INSTRUCTIONS TO FOLLOW: Leaving the images aside, transcribe all the data below exactly.

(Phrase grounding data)
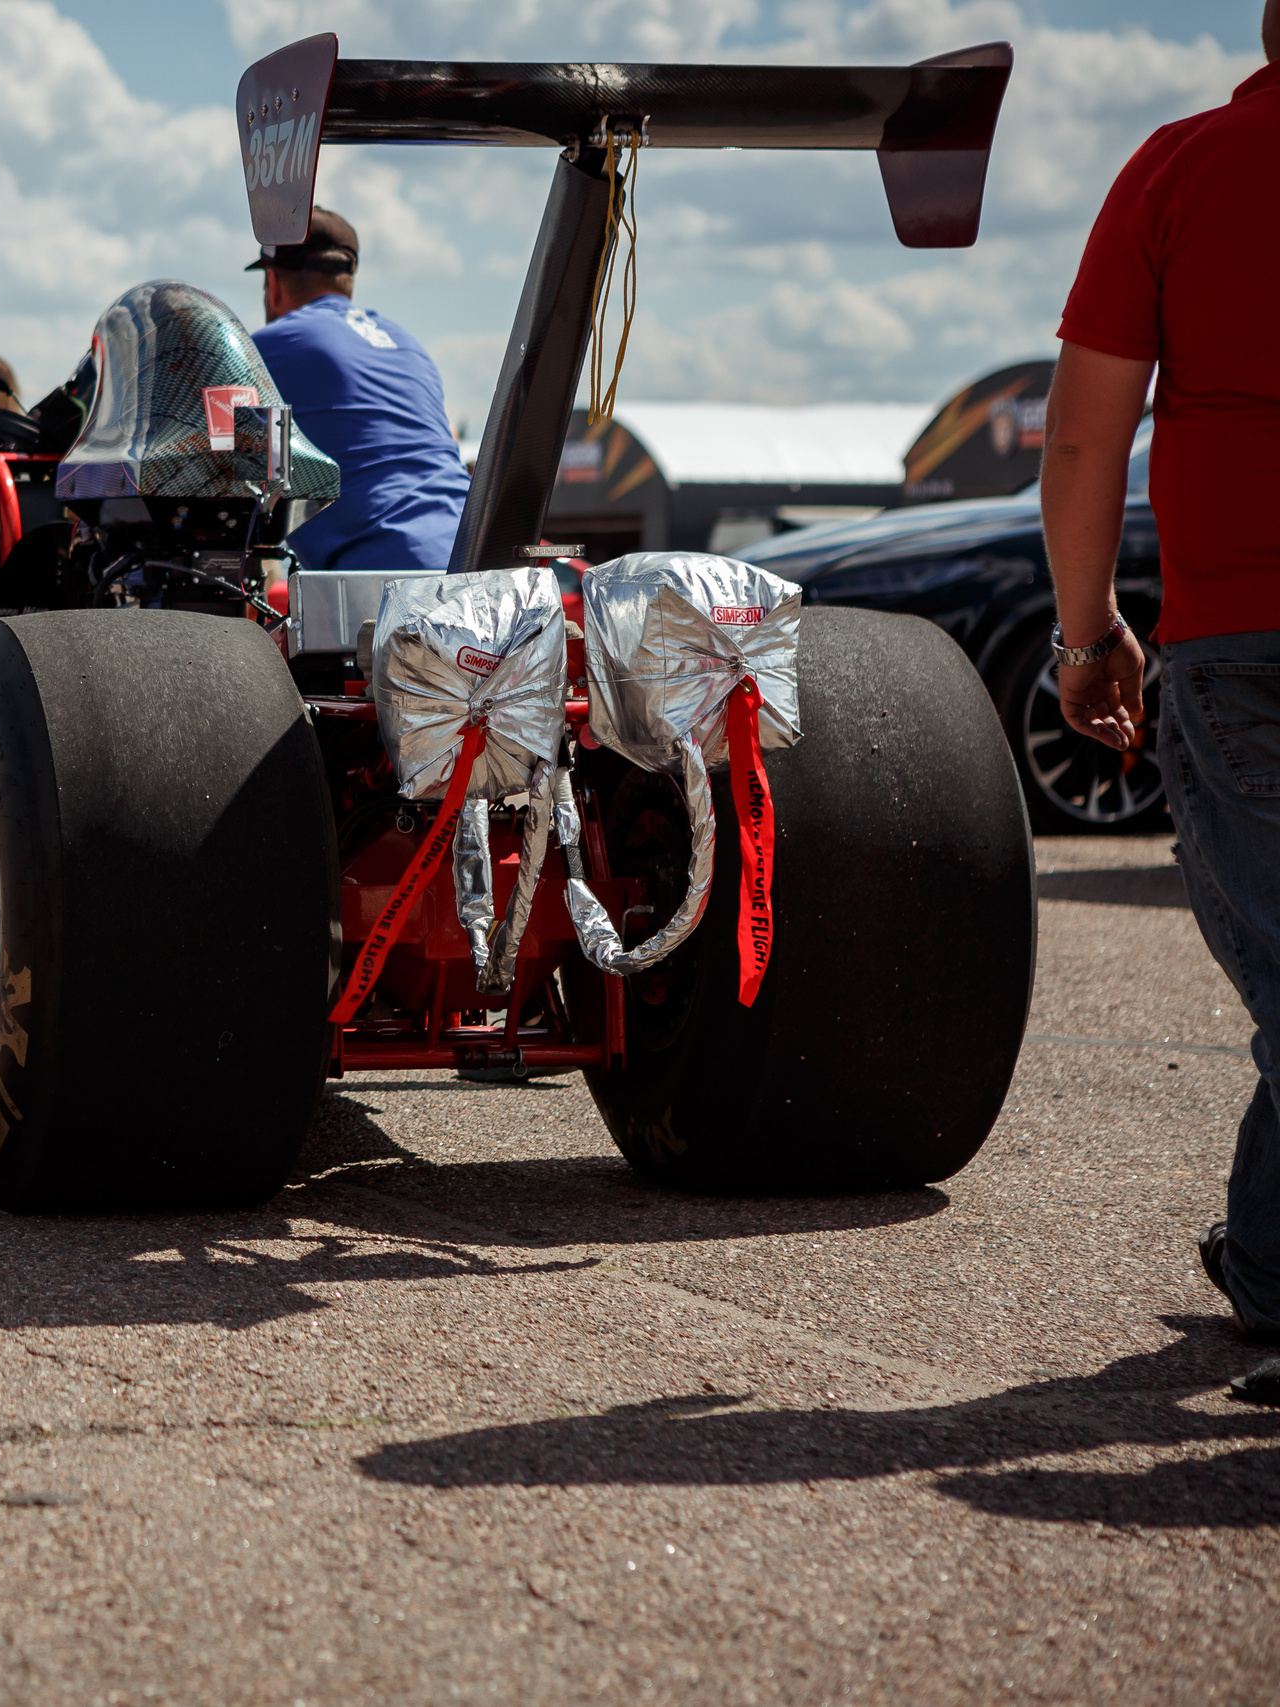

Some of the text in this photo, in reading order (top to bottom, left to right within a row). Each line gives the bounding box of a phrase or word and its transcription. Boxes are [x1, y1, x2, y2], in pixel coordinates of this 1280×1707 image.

[246, 111, 316, 192] 357M
[210, 396, 234, 418] FLAMMA
[716, 608, 761, 623] SIMPSON
[464, 653, 500, 672] SIMPSO
[358, 934, 388, 992] FLIGHT
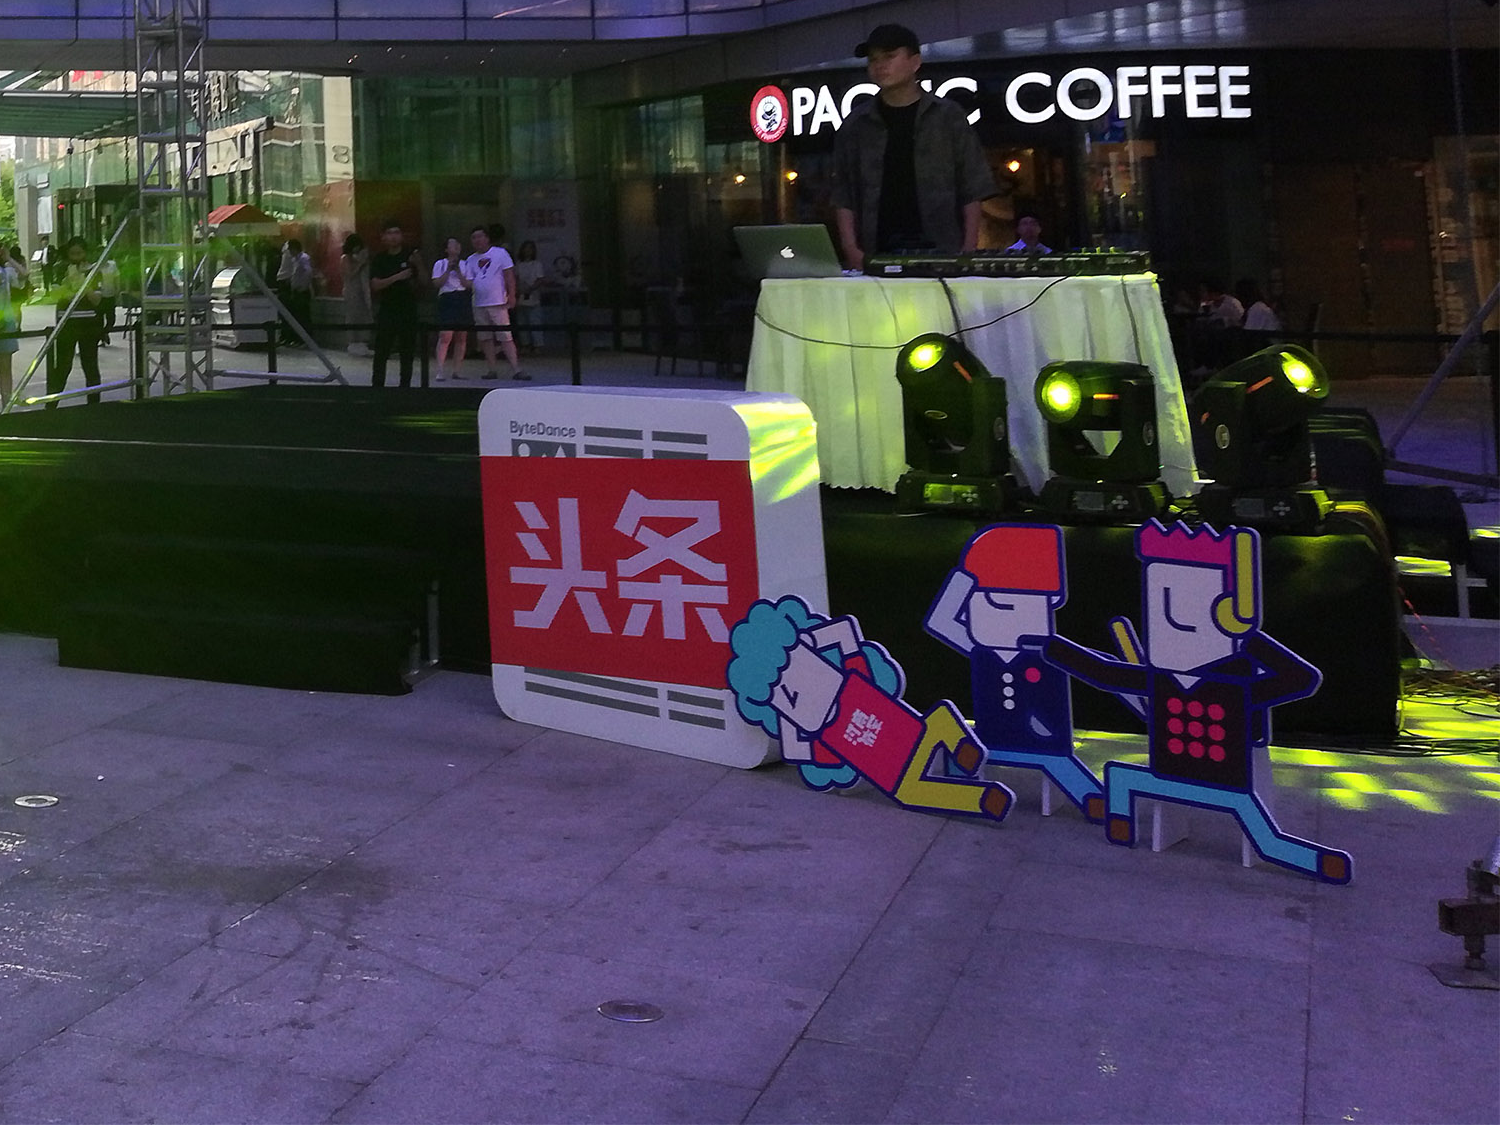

RESPONSE:
Some of the text in this photo, in reading order (top to bottom, left to right within a row). Each line gives the bounding box of a phrase or word and its transcription. Boxes are [x1, y1, x2, y2], in pixel coordinates of this 1280×1707 image.

[246, 111, 316, 192] 357M
[210, 396, 234, 418] FLAMMA
[716, 608, 761, 623] SIMPSON
[464, 653, 500, 672] SIMPSO
[358, 934, 388, 992] FLIGHT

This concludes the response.